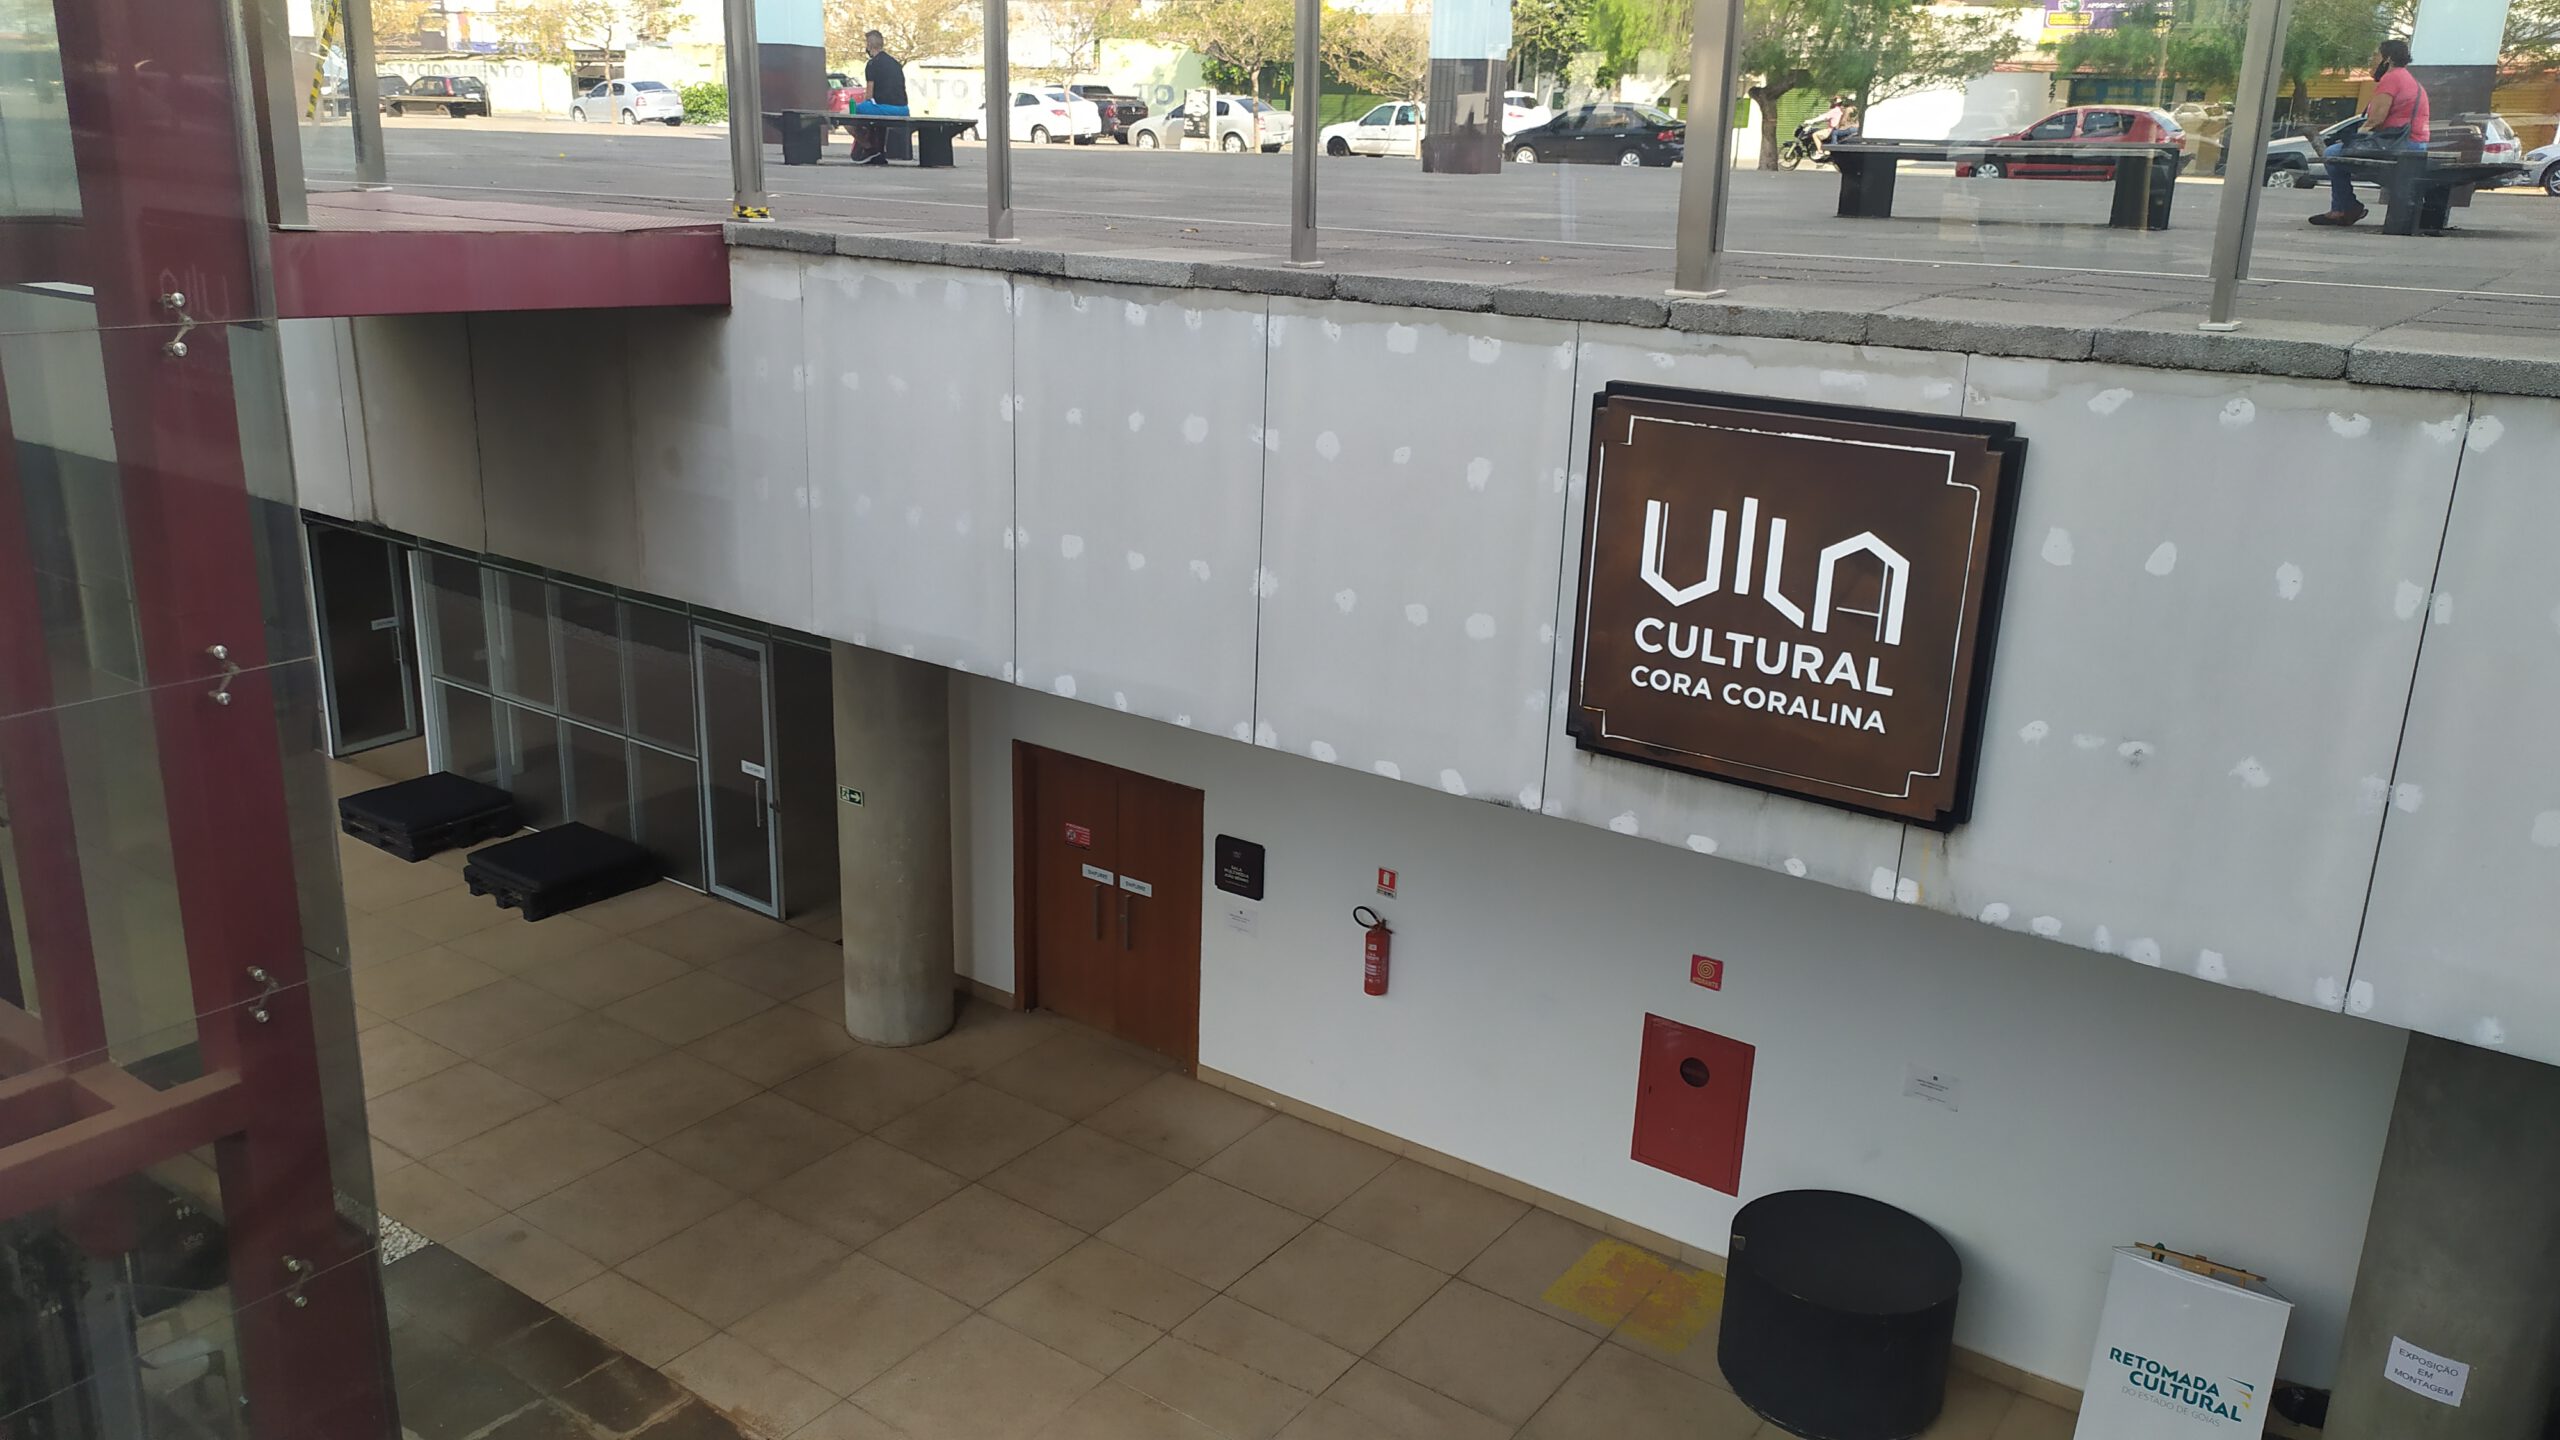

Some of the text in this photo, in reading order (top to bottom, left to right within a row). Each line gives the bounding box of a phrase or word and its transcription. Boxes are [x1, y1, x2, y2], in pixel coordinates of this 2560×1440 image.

[1633, 617, 1894, 696] CULTURAL
[1630, 665, 1886, 734] CORA CORALINA
[2109, 1347, 2220, 1397] RETOMADA
[2394, 1368, 2455, 1397] MONTAGEM
[2399, 1348, 2459, 1377] EXPOSIÇÃO
[2417, 1368, 2434, 1380] EM
[2121, 1385, 2136, 1397] DO
[2138, 1390, 2174, 1410] ESTADO
[2176, 1404, 2189, 1416] DE
[2129, 1370, 2242, 1422] CULTURAL
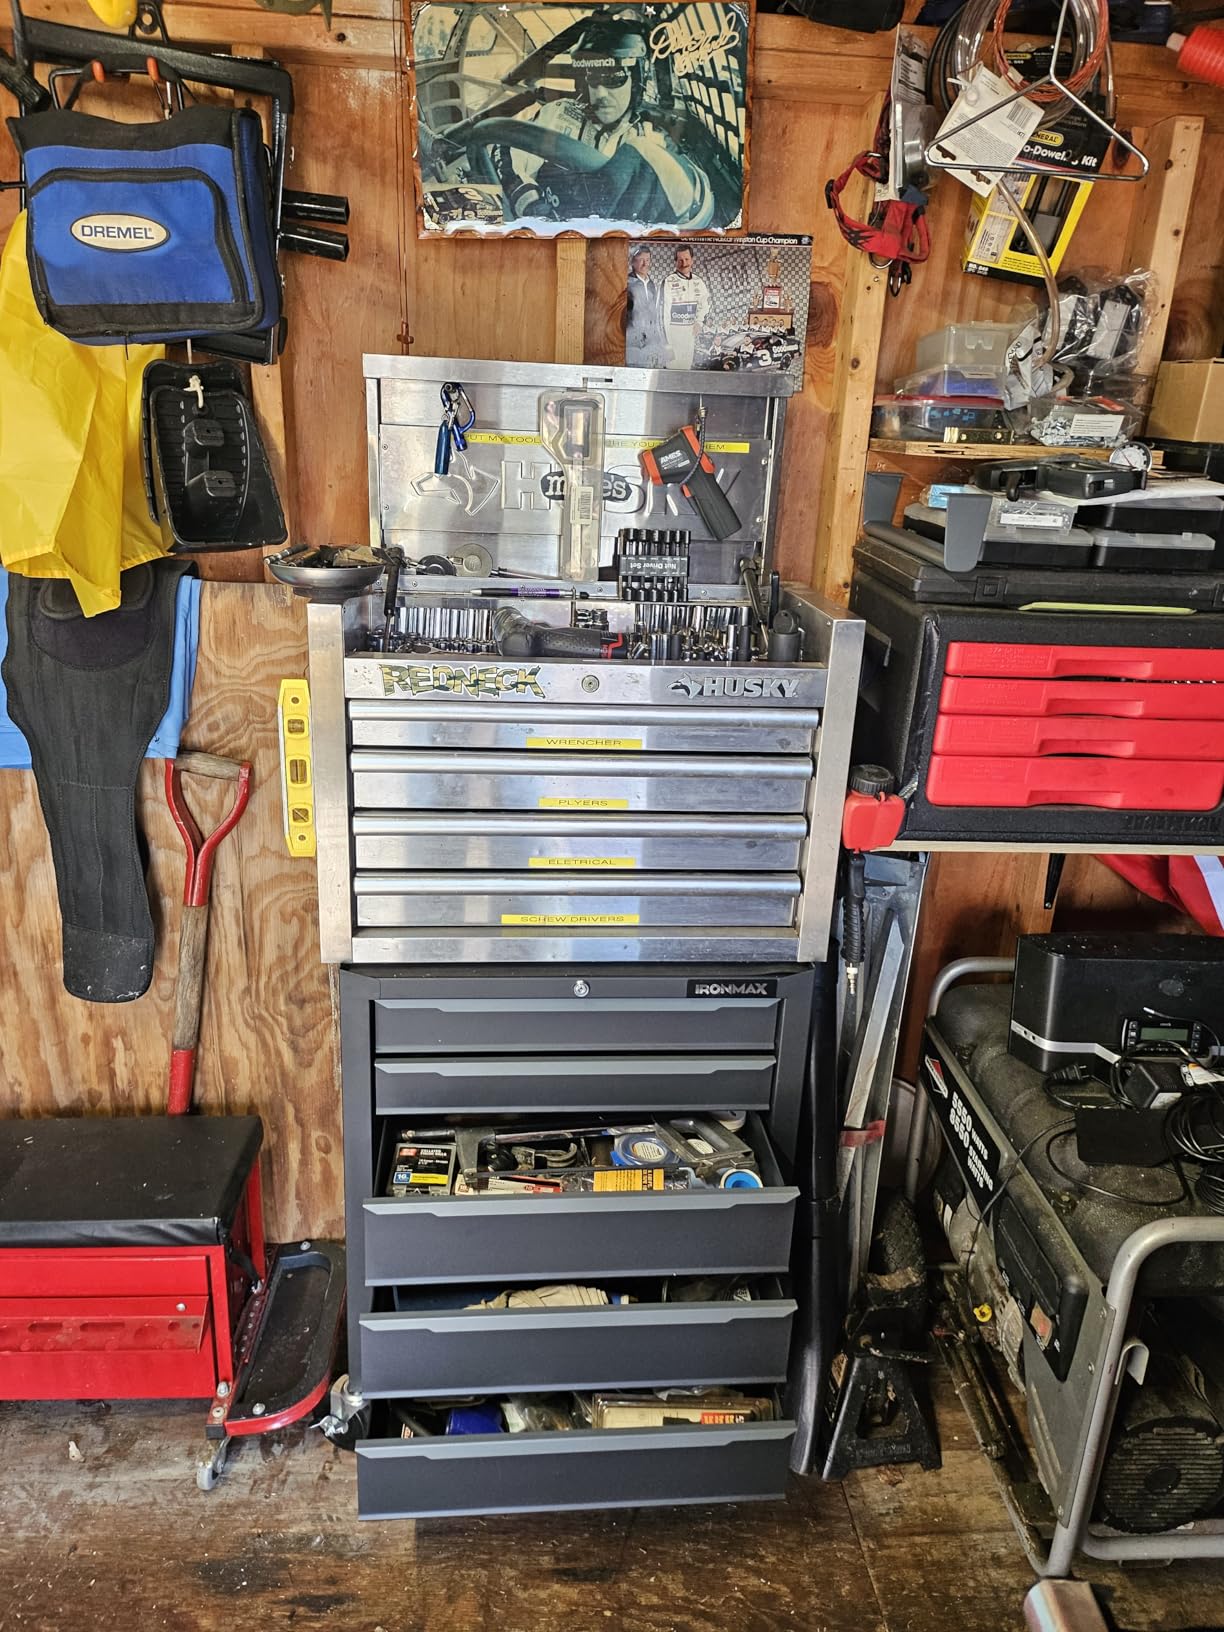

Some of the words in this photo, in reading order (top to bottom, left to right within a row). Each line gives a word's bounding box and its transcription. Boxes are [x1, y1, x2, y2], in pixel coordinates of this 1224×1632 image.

[1081, 155, 1098, 167] Kit
[81, 224, 155, 240] DREMEL
[756, 236, 767, 244] Cup
[759, 350, 772, 366] 3
[660, 450, 682, 464] AMES
[545, 474, 627, 499] me's
[379, 663, 547, 699] REDNECK
[703, 677, 800, 698] HUSKY
[558, 799, 608, 807] PLYERS
[695, 983, 768, 995] IRONMAX
[952, 1091, 972, 1132] 5550
[971, 1128, 988, 1160] WATTS
[949, 1107, 970, 1148] 8550
[968, 1145, 994, 1191] STARTING
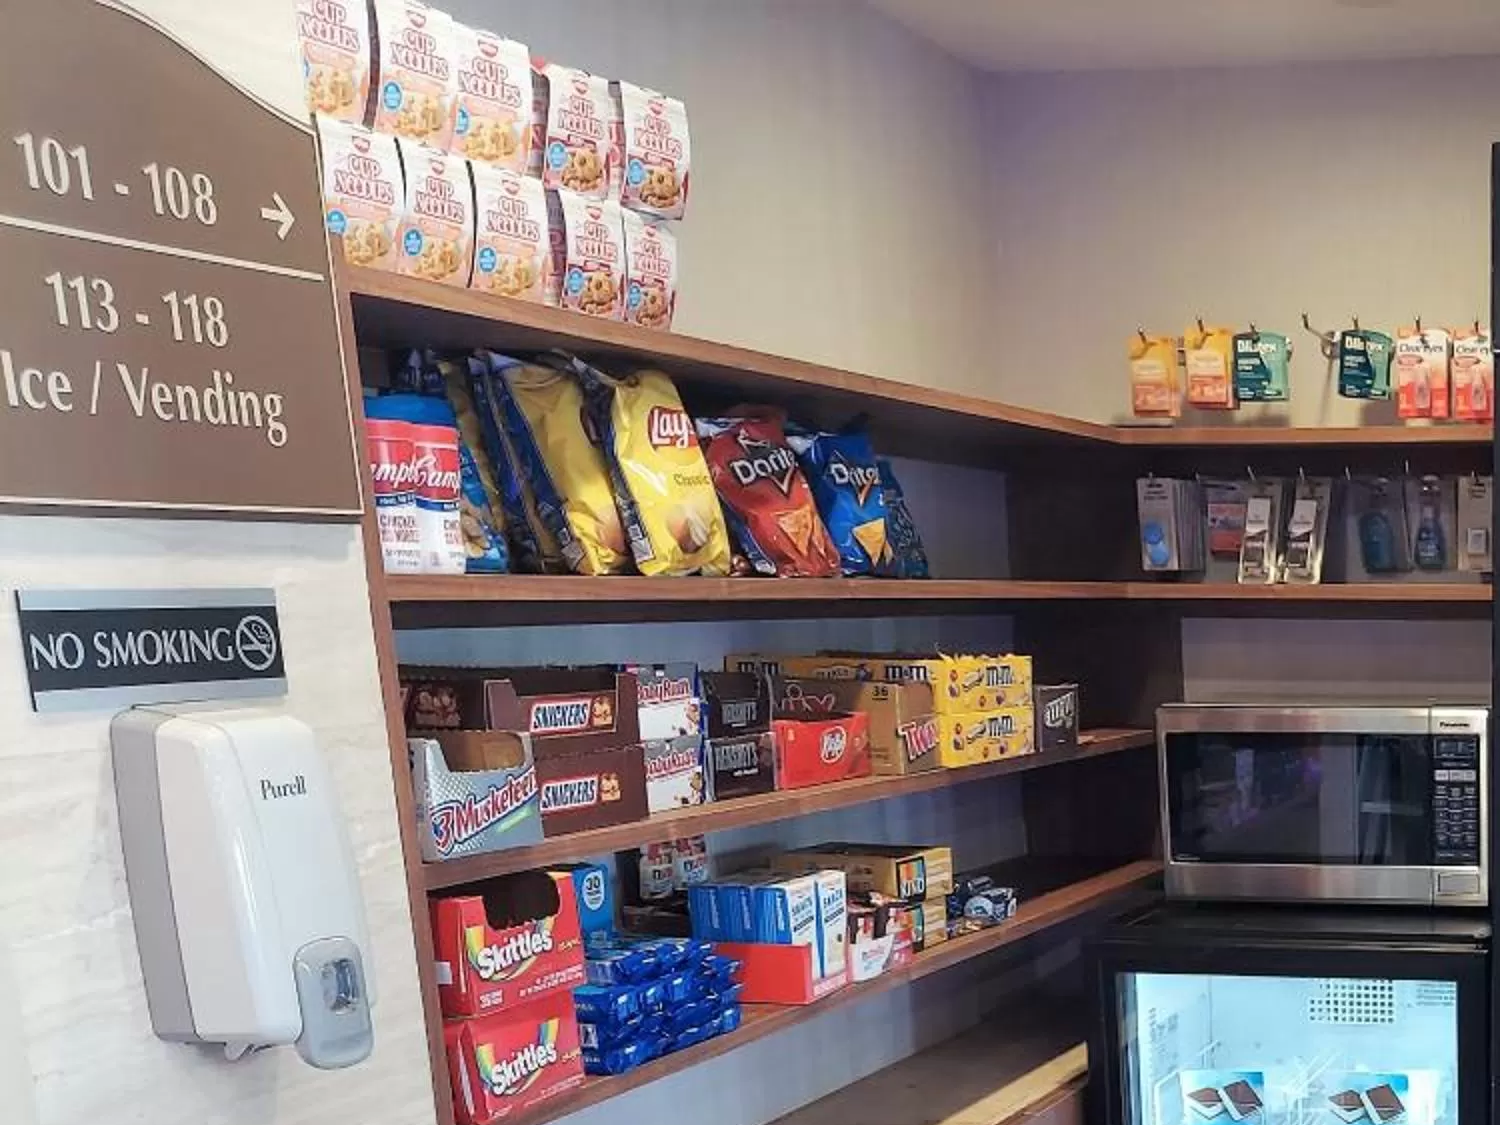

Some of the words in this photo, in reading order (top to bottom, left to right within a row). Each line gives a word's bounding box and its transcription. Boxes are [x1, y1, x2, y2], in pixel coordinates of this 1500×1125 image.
--
WHAT NEEDS TO BE DONE: When the line that holds "this 1224×1632 image." is reached, begin duplicating exactly, and continue through the last line of the listing, skipping the pictures; output nothing else.

SOLUTION TO THIS EXERCISE:
Some of the words in this photo, in reading order (top to bottom, left to right within a row). Each line gives a word's bounding box and its transcription. Boxes are [x1, y1, x2, y2], in pixel coordinates of this 1224×1632 image.

[1081, 155, 1098, 167] Kit
[81, 224, 155, 240] DREMEL
[756, 236, 767, 244] Cup
[759, 350, 772, 366] 3
[660, 450, 682, 464] AMES
[545, 474, 627, 499] me's
[379, 663, 547, 699] REDNECK
[703, 677, 800, 698] HUSKY
[558, 799, 608, 807] PLYERS
[695, 983, 768, 995] IRONMAX
[952, 1091, 972, 1132] 5550
[971, 1128, 988, 1160] WATTS
[949, 1107, 970, 1148] 8550
[968, 1145, 994, 1191] STARTING

Some of the words in this photo, in reading order (top to bottom, left to right within a row). Each line gives a word's bounding box and its transcription. Boxes are [x1, y1, x2, y2], in pixel coordinates of this 1500×1125 image.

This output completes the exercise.